Alcohol is a classic topic where contradictions are flying at you left, right and centre. One minute a nightly glass of wine is beneficial for blood pressure, the next minute all alcohol is a devil which must be sworn off forever.
Resveratrol is supposedly a heart healthy red wine super compound, yet the same newspapers will talk about toxins assaulting heart tissue just 1 week later. You don’t want to get confused and forget your original mission, so here are the 9 basic alcohol facts that all acne patients should know.
Absorb these facts, and you’ll still be able to delve deeper into certain topics if you wish, but you’ll now be armed with the fundamental acne knowledge.
One – alcohol drains your antioxidants
We’ll start with the negatives, and there’s no doubt that alcohol is a poison, albeit a naturally occurring one. In nature, alcohol appears in rotting fruits, which drop to the forest floor and begin to ferment as bacteria consumes the sugars.
For example, leave a pineapple in the fridge for too long, and this will also gain an alcoholic tang. Great apes evolved the ability to eat alcohol 10 million years ago, which survives in gorillas, humans and chimpanzees today (bats are also capable drinkers). However, this detoxification process relies on glutathione, one of the body’s main self-manufactured antioxidants. Every drink causes your levels to drop, and binge drinking will send them plummeting to the floor. Addressing glutathione depletion is a doctor’s first call in overdose situations, usually with an NAC pill.
You can be sitting in a comfy armchair rather than a hospital bed, but the glutathione reduction will still filter through: acne-prone skin has been found to contain 20% less glutathione than average. It’s needed to deactivate chains of destabilising free radicals, and to protect vital acne nutrients like vitamin E from destruction.
The vitamins are also a danger of their own. Excessive drinkers had a 91% rate of vitamin C deficiency in one study, while alcohol increases the activity of enzymes that break down vitamin A. The former lowers stress hormones and increases collagen, the latter prevents oily skin.

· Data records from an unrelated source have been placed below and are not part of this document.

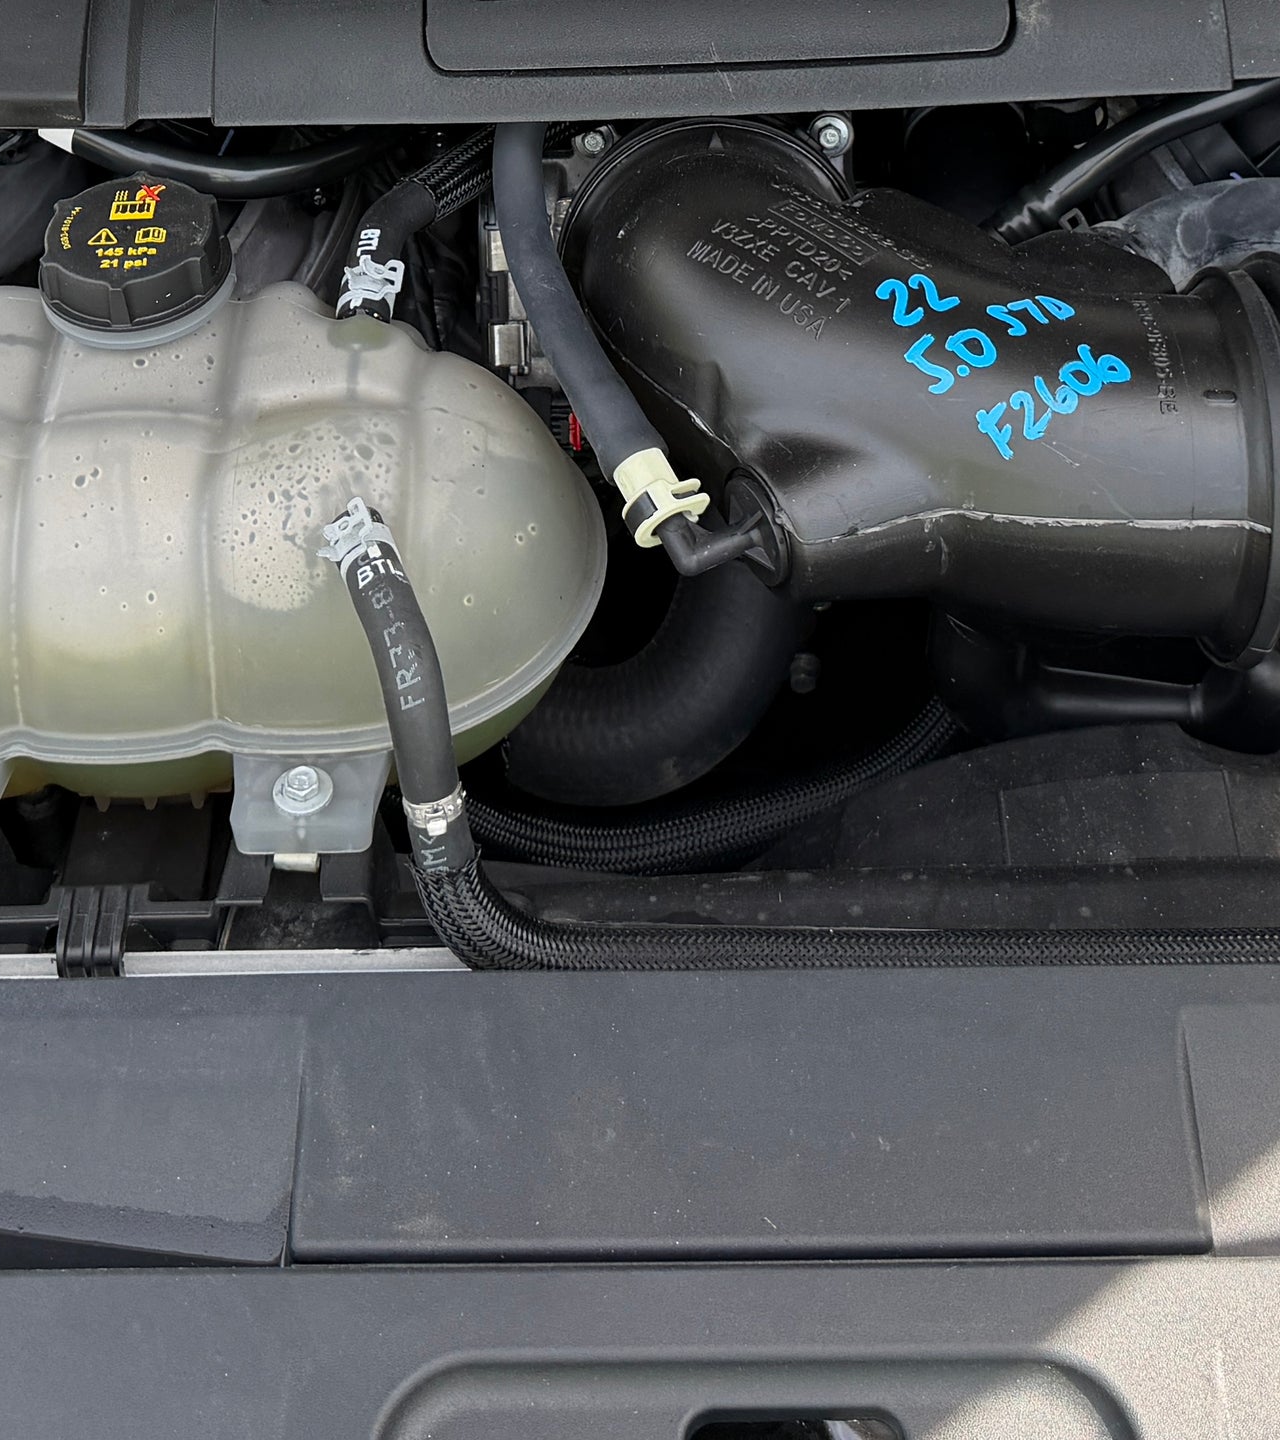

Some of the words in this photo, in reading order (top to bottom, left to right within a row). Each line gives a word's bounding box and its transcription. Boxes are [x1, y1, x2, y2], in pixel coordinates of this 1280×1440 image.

[95, 247, 124, 258] 145
[127, 247, 157, 257] kPa
[99, 258, 119, 269] 21
[123, 258, 148, 270] psi
[686, 240, 755, 285] MADE
[751, 274, 781, 301] IN
[779, 292, 828, 340] USA
[874, 273, 961, 327] 22
[904, 328, 997, 394] 5.0
[986, 295, 1076, 336] STD
[975, 343, 1132, 461] F2606

Two – alcohol increases inflammation
Alcohol assaults the armours of your skin, with vitamins and antioxidants being the armour. Like with any fortifications, the defences can easily withstand minor assaults, which bounce off them like light rocks, but not a prolonged siege with immense force. Another of alcohol’s dangers is adding inflammation to your skin, because of a toxin it generates during its metabolisation called acetaldehyde.
This appears during phase 1 of detoxification, when the enzyme alcohol dehydrogenase breaks whole alcohol molecules down into acetaldehyde. This is further metabolised into harmless acetate by the enzyme acetaldehyde dehydrogenase, but not before acetaldehyde has several hours to roam the body.

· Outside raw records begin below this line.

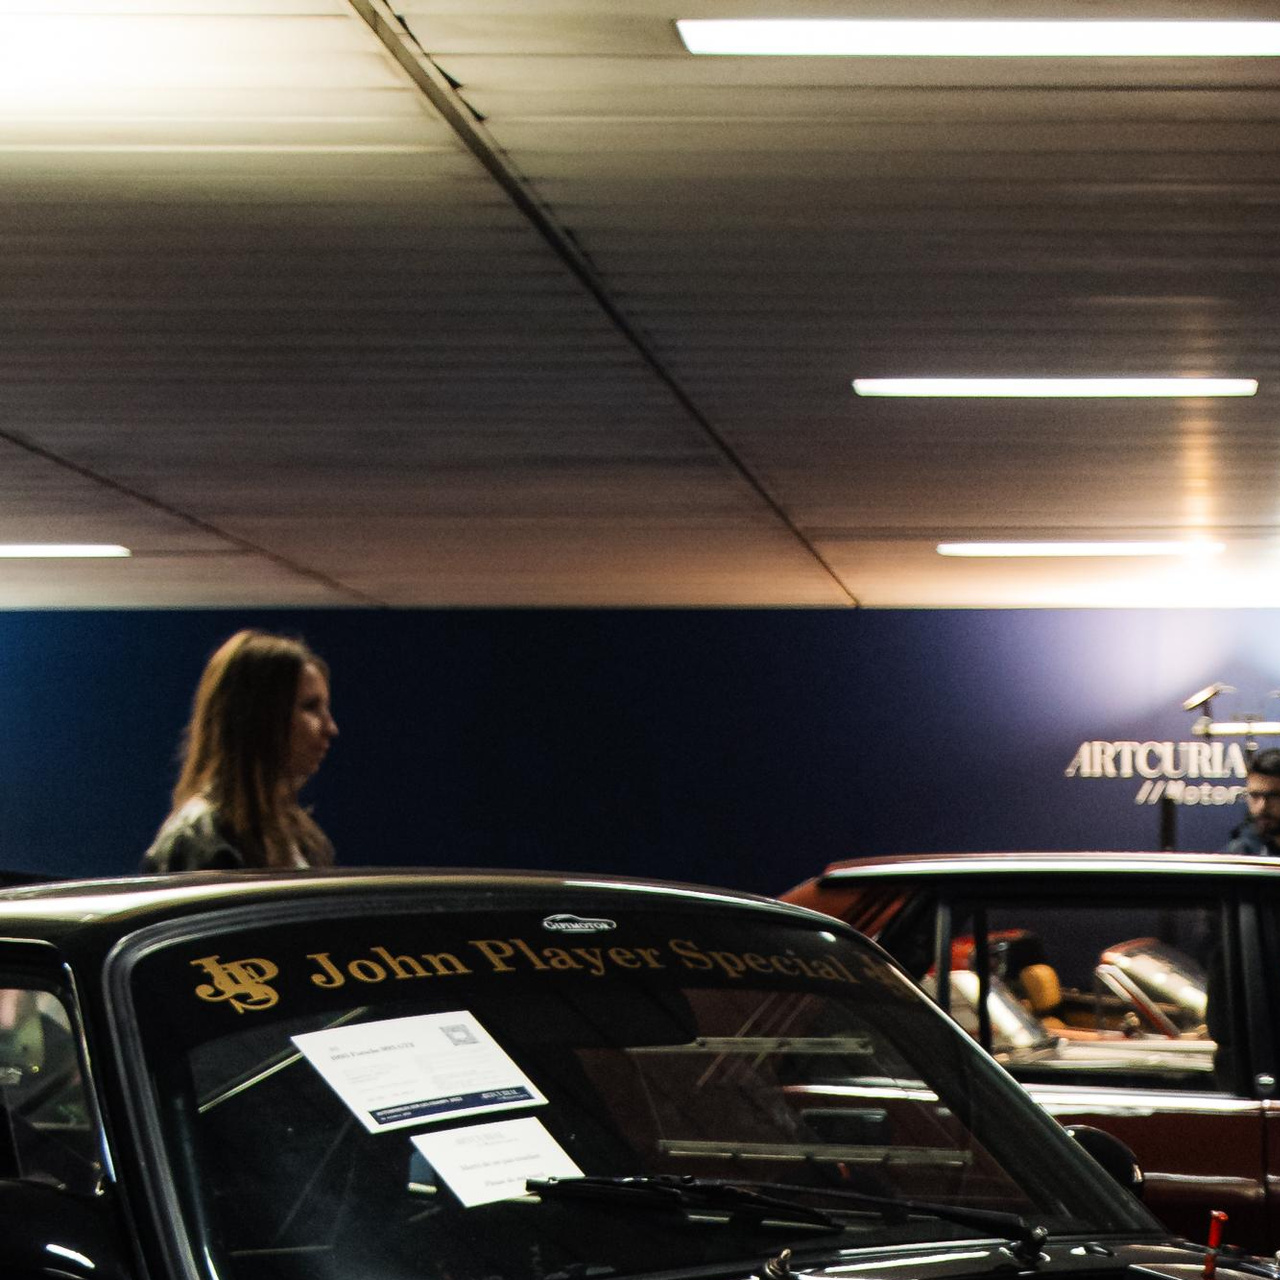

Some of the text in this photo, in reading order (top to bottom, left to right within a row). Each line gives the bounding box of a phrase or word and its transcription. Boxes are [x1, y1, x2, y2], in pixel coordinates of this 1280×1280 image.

[1065, 741, 1253, 779] ARTCURIA
[306, 946, 473, 989] John
[468, 938, 666, 976] Player
[668, 938, 860, 984] Special
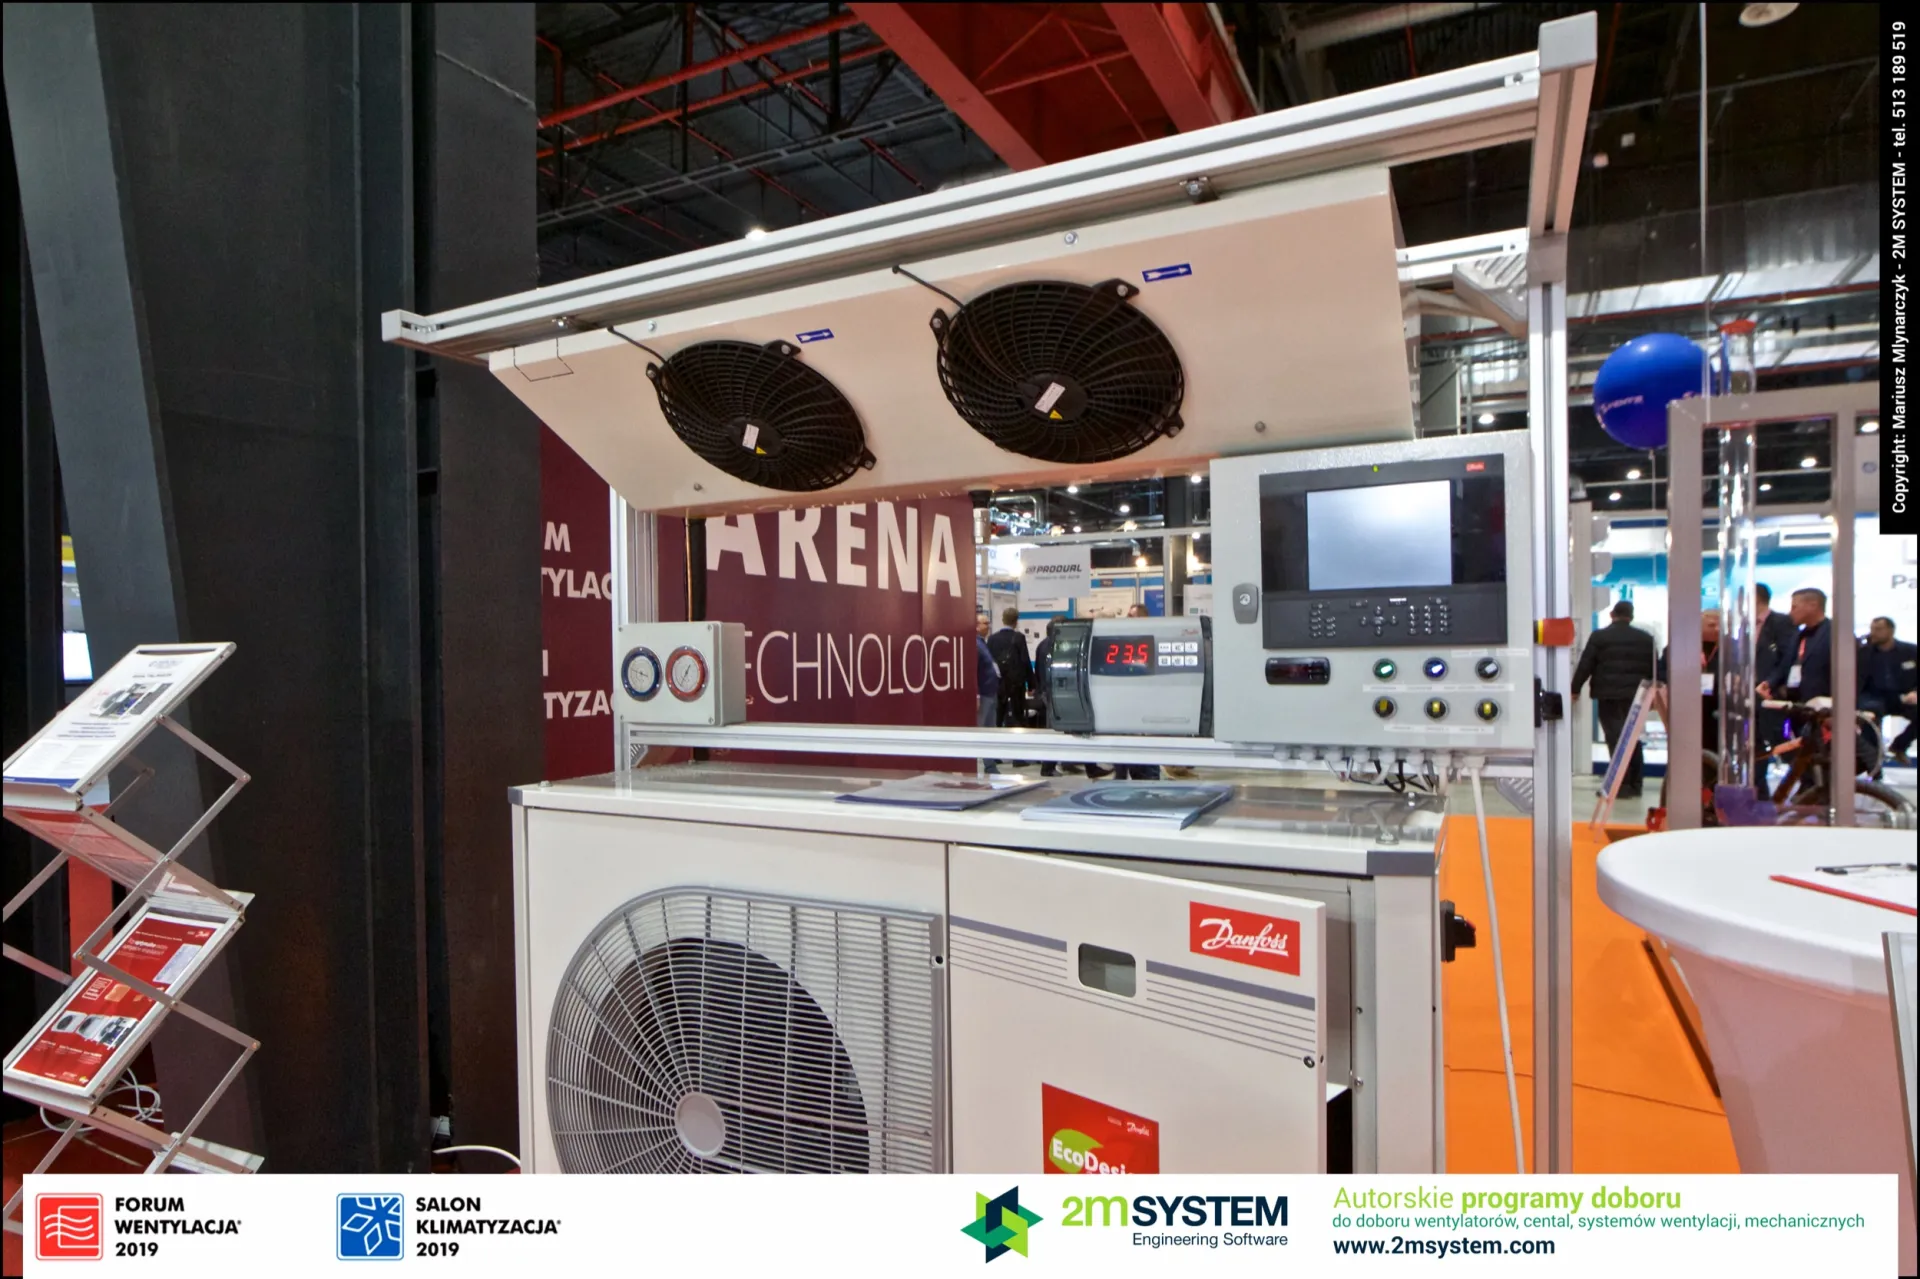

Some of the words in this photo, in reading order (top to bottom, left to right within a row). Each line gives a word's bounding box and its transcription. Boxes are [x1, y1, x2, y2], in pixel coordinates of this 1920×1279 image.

[706, 502, 962, 598] ARENA
[1036, 563, 1082, 574] PRODUAL
[543, 689, 614, 719] TYZA
[1199, 917, 1289, 957] Danfoss
[1052, 1137, 1134, 1174] EcoDesi

Acetaladehyde clatters around assaulting any cell it meets; it’s largely behind the liver dangers of alcohol, plus the brain dulling and joint aches. Acetaldehyde’s toxic effects all over the body are the main cause of a hangover, and your skin isn’t exempt. If blueberries are like a soothing ice blanket, then acetaldehyde is like a mild form of napalm, adding fiery inflammation to all your pimples at once.
Acetaldehyde adds redness to existing acne, and may increase inflammation to a point where tiny new ones are generated.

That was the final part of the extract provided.